(Data items)
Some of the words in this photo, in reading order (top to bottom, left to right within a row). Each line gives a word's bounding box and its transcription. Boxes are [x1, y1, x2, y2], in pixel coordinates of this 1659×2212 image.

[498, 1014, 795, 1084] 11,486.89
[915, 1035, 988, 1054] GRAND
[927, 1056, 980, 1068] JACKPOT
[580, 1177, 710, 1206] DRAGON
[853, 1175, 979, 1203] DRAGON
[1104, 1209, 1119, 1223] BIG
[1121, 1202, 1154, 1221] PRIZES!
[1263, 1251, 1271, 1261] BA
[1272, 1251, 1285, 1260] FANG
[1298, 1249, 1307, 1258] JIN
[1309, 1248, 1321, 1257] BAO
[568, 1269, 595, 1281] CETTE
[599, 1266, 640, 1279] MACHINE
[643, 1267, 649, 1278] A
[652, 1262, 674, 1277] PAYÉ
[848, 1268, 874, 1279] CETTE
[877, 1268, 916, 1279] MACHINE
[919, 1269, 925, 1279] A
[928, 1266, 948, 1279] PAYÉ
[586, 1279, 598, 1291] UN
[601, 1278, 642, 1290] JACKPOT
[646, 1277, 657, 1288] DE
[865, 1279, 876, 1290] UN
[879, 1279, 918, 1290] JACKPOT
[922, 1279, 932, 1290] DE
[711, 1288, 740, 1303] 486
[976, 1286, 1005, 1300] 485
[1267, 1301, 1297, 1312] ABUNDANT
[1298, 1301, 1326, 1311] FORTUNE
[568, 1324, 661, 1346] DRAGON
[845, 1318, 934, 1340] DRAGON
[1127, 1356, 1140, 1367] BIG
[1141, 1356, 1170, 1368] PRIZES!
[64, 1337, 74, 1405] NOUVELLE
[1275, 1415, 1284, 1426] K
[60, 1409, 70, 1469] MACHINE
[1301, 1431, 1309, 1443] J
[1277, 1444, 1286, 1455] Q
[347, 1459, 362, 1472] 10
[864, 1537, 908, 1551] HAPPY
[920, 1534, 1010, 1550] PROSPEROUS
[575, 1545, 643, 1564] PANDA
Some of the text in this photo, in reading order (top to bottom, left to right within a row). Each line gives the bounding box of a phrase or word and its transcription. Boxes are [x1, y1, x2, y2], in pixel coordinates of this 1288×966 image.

### Brief:
Copy every record above exactly as it appears.

### Written response:
Some of the words in this photo, in reading order (top to bottom, left to right within a row). Each line gives a word's bounding box and its transcription. Boxes are [x1, y1, x2, y2], in pixel coordinates of this 1659×2212 image.

[498, 1014, 795, 1084] 11,486.89
[915, 1035, 988, 1054] GRAND
[927, 1056, 980, 1068] JACKPOT
[580, 1177, 710, 1206] DRAGON
[853, 1175, 979, 1203] DRAGON
[1104, 1209, 1119, 1223] BIG
[1121, 1202, 1154, 1221] PRIZES!
[1263, 1251, 1271, 1261] BA
[1272, 1251, 1285, 1260] FANG
[1298, 1249, 1307, 1258] JIN
[1309, 1248, 1321, 1257] BAO
[568, 1269, 595, 1281] CETTE
[599, 1266, 640, 1279] MACHINE
[643, 1267, 649, 1278] A
[652, 1262, 674, 1277] PAYÉ
[848, 1268, 874, 1279] CETTE
[877, 1268, 916, 1279] MACHINE
[919, 1269, 925, 1279] A
[928, 1266, 948, 1279] PAYÉ
[586, 1279, 598, 1291] UN
[601, 1278, 642, 1290] JACKPOT
[646, 1277, 657, 1288] DE
[865, 1279, 876, 1290] UN
[879, 1279, 918, 1290] JACKPOT
[922, 1279, 932, 1290] DE
[711, 1288, 740, 1303] 486
[976, 1286, 1005, 1300] 485
[1267, 1301, 1297, 1312] ABUNDANT
[1298, 1301, 1326, 1311] FORTUNE
[568, 1324, 661, 1346] DRAGON
[845, 1318, 934, 1340] DRAGON
[1127, 1356, 1140, 1367] BIG
[1141, 1356, 1170, 1368] PRIZES!
[64, 1337, 74, 1405] NOUVELLE
[1275, 1415, 1284, 1426] K
[60, 1409, 70, 1469] MACHINE
[1301, 1431, 1309, 1443] J
[1277, 1444, 1286, 1455] Q
[347, 1459, 362, 1472] 10
[864, 1537, 908, 1551] HAPPY
[920, 1534, 1010, 1550] PROSPEROUS
[575, 1545, 643, 1564] PANDA
Some of the text in this photo, in reading order (top to bottom, left to right within a row). Each line gives the bounding box of a phrase or word and its transcription. Boxes are [x1, y1, x2, y2], in pixel coordinates of this 1288×966 image.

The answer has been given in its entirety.